→ RECORD EXCERPTS
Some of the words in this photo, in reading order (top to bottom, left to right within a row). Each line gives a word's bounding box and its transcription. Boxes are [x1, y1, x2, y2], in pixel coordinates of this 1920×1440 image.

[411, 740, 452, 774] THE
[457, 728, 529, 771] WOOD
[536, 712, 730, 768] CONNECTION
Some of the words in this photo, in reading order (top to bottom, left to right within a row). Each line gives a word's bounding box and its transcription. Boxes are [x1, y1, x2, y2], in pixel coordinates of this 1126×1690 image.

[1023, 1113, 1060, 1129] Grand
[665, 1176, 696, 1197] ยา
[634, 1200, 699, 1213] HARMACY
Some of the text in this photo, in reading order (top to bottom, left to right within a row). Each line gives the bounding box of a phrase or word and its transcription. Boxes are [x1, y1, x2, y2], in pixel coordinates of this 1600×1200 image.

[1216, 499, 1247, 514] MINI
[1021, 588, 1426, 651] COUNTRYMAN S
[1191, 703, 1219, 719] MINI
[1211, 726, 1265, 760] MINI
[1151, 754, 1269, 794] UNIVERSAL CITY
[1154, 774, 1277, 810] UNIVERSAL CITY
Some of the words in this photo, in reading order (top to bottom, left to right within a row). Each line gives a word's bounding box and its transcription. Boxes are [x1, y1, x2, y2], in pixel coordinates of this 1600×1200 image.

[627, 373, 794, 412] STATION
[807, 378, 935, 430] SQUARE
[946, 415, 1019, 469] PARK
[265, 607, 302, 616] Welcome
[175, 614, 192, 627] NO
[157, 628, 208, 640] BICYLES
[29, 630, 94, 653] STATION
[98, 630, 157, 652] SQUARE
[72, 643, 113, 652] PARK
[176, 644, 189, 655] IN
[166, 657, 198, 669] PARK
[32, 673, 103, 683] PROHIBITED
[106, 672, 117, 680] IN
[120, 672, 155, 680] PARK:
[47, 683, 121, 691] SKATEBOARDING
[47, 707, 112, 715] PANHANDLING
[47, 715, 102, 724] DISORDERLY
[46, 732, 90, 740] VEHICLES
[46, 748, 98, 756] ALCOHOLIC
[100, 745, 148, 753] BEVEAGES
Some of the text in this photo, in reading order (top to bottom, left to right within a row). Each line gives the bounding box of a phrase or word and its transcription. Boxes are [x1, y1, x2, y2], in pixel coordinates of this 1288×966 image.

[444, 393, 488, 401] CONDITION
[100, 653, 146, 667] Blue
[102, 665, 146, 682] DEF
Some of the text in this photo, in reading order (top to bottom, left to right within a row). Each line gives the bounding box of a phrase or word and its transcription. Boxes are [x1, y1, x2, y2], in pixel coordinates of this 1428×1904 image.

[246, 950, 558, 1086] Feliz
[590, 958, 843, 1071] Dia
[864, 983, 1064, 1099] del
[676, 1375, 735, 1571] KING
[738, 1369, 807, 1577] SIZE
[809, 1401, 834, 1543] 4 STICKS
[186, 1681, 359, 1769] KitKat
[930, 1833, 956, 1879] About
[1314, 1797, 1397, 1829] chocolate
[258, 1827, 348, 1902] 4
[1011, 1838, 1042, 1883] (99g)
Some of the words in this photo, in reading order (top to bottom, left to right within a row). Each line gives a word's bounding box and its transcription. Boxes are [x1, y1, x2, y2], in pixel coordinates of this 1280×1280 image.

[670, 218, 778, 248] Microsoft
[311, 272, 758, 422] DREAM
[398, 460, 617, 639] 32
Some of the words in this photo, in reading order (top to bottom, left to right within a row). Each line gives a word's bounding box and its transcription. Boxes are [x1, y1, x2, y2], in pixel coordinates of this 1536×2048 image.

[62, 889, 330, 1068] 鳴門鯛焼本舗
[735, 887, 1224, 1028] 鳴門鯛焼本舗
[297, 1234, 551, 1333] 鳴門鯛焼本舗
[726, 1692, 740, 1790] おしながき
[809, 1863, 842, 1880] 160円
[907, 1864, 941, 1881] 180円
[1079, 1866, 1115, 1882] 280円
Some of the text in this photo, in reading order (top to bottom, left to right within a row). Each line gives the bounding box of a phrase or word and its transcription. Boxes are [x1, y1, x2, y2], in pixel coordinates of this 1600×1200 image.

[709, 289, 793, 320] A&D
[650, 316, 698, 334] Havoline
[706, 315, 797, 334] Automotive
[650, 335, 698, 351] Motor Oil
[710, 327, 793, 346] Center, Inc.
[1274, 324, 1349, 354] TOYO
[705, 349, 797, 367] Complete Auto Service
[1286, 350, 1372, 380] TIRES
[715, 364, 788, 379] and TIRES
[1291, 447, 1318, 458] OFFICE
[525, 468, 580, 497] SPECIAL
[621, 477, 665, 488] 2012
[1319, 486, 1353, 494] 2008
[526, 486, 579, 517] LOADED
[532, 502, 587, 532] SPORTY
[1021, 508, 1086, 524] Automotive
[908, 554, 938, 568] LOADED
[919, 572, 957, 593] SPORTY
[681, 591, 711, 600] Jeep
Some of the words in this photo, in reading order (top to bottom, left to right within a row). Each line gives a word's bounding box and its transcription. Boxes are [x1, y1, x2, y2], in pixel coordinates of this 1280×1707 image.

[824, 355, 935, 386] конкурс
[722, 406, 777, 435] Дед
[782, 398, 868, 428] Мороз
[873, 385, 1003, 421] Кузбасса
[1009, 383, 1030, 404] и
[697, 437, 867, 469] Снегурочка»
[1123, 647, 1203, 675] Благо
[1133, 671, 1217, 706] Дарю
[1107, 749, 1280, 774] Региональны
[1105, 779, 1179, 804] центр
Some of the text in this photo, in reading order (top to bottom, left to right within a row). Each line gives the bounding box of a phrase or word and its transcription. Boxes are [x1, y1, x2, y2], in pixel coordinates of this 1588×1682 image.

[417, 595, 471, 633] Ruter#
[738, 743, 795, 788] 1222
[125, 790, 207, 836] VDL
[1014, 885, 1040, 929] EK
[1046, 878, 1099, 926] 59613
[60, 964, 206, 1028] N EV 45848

→ EXERCISE GOAL
Each entry above is to be set down again in exactly the same words.

→ THE ANSWER
Some of the words in this photo, in reading order (top to bottom, left to right within a row). Each line gives a word's bounding box and its transcription. Boxes are [x1, y1, x2, y2], in pixel coordinates of this 1920×1440 image.

[411, 740, 452, 774] THE
[457, 728, 529, 771] WOOD
[536, 712, 730, 768] CONNECTION
Some of the words in this photo, in reading order (top to bottom, left to right within a row). Each line gives a word's bounding box and its transcription. Boxes are [x1, y1, x2, y2], in pixel coordinates of this 1126×1690 image.

[1023, 1113, 1060, 1129] Grand
[665, 1176, 696, 1197] ยา
[634, 1200, 699, 1213] HARMACY
Some of the text in this photo, in reading order (top to bottom, left to right within a row). Each line gives the bounding box of a phrase or word and its transcription. Boxes are [x1, y1, x2, y2], in pixel coordinates of this 1600×1200 image.

[1216, 499, 1247, 514] MINI
[1021, 588, 1426, 651] COUNTRYMAN S
[1191, 703, 1219, 719] MINI
[1211, 726, 1265, 760] MINI
[1151, 754, 1269, 794] UNIVERSAL CITY
[1154, 774, 1277, 810] UNIVERSAL CITY
Some of the words in this photo, in reading order (top to bottom, left to right within a row). Each line gives a word's bounding box and its transcription. Boxes are [x1, y1, x2, y2], in pixel coordinates of this 1600×1200 image.

[627, 373, 794, 412] STATION
[807, 378, 935, 430] SQUARE
[946, 415, 1019, 469] PARK
[265, 607, 302, 616] Welcome
[175, 614, 192, 627] NO
[157, 628, 208, 640] BICYLES
[29, 630, 94, 653] STATION
[98, 630, 157, 652] SQUARE
[72, 643, 113, 652] PARK
[176, 644, 189, 655] IN
[166, 657, 198, 669] PARK
[32, 673, 103, 683] PROHIBITED
[106, 672, 117, 680] IN
[120, 672, 155, 680] PARK:
[47, 683, 121, 691] SKATEBOARDING
[47, 707, 112, 715] PANHANDLING
[47, 715, 102, 724] DISORDERLY
[46, 732, 90, 740] VEHICLES
[46, 748, 98, 756] ALCOHOLIC
[100, 745, 148, 753] BEVEAGES
Some of the text in this photo, in reading order (top to bottom, left to right within a row). Each line gives the bounding box of a phrase or word and its transcription. Boxes are [x1, y1, x2, y2], in pixel coordinates of this 1288×966 image.

[444, 393, 488, 401] CONDITION
[100, 653, 146, 667] Blue
[102, 665, 146, 682] DEF
Some of the text in this photo, in reading order (top to bottom, left to right within a row). Each line gives the bounding box of a phrase or word and its transcription. Boxes are [x1, y1, x2, y2], in pixel coordinates of this 1428×1904 image.

[246, 950, 558, 1086] Feliz
[590, 958, 843, 1071] Dia
[864, 983, 1064, 1099] del
[676, 1375, 735, 1571] KING
[738, 1369, 807, 1577] SIZE
[809, 1401, 834, 1543] 4 STICKS
[186, 1681, 359, 1769] KitKat
[930, 1833, 956, 1879] About
[1314, 1797, 1397, 1829] chocolate
[258, 1827, 348, 1902] 4
[1011, 1838, 1042, 1883] (99g)
Some of the words in this photo, in reading order (top to bottom, left to right within a row). Each line gives a word's bounding box and its transcription. Boxes are [x1, y1, x2, y2], in pixel coordinates of this 1280×1280 image.

[670, 218, 778, 248] Microsoft
[311, 272, 758, 422] DREAM
[398, 460, 617, 639] 32
Some of the words in this photo, in reading order (top to bottom, left to right within a row). Each line gives a word's bounding box and its transcription. Boxes are [x1, y1, x2, y2], in pixel coordinates of this 1536×2048 image.

[62, 889, 330, 1068] 鳴門鯛焼本舗
[735, 887, 1224, 1028] 鳴門鯛焼本舗
[297, 1234, 551, 1333] 鳴門鯛焼本舗
[726, 1692, 740, 1790] おしながき
[809, 1863, 842, 1880] 160円
[907, 1864, 941, 1881] 180円
[1079, 1866, 1115, 1882] 280円
Some of the text in this photo, in reading order (top to bottom, left to right within a row). Each line gives the bounding box of a phrase or word and its transcription. Boxes are [x1, y1, x2, y2], in pixel coordinates of this 1600×1200 image.

[709, 289, 793, 320] A&D
[650, 316, 698, 334] Havoline
[706, 315, 797, 334] Automotive
[650, 335, 698, 351] Motor Oil
[710, 327, 793, 346] Center, Inc.
[1274, 324, 1349, 354] TOYO
[705, 349, 797, 367] Complete Auto Service
[1286, 350, 1372, 380] TIRES
[715, 364, 788, 379] and TIRES
[1291, 447, 1318, 458] OFFICE
[525, 468, 580, 497] SPECIAL
[621, 477, 665, 488] 2012
[1319, 486, 1353, 494] 2008
[526, 486, 579, 517] LOADED
[532, 502, 587, 532] SPORTY
[1021, 508, 1086, 524] Automotive
[908, 554, 938, 568] LOADED
[919, 572, 957, 593] SPORTY
[681, 591, 711, 600] Jeep
Some of the words in this photo, in reading order (top to bottom, left to right within a row). Each line gives a word's bounding box and its transcription. Boxes are [x1, y1, x2, y2], in pixel coordinates of this 1280×1707 image.

[824, 355, 935, 386] конкурс
[722, 406, 777, 435] Дед
[782, 398, 868, 428] Мороз
[873, 385, 1003, 421] Кузбасса
[1009, 383, 1030, 404] и
[697, 437, 867, 469] Снегурочка»
[1123, 647, 1203, 675] Благо
[1133, 671, 1217, 706] Дарю
[1107, 749, 1280, 774] Региональны
[1105, 779, 1179, 804] центр
Some of the text in this photo, in reading order (top to bottom, left to right within a row). Each line gives the bounding box of a phrase or word and its transcription. Boxes are [x1, y1, x2, y2], in pixel coordinates of this 1588×1682 image.

[417, 595, 471, 633] Ruter#
[738, 743, 795, 788] 1222
[125, 790, 207, 836] VDL
[1014, 885, 1040, 929] EK
[1046, 878, 1099, 926] 59613
[60, 964, 206, 1028] N EV 45848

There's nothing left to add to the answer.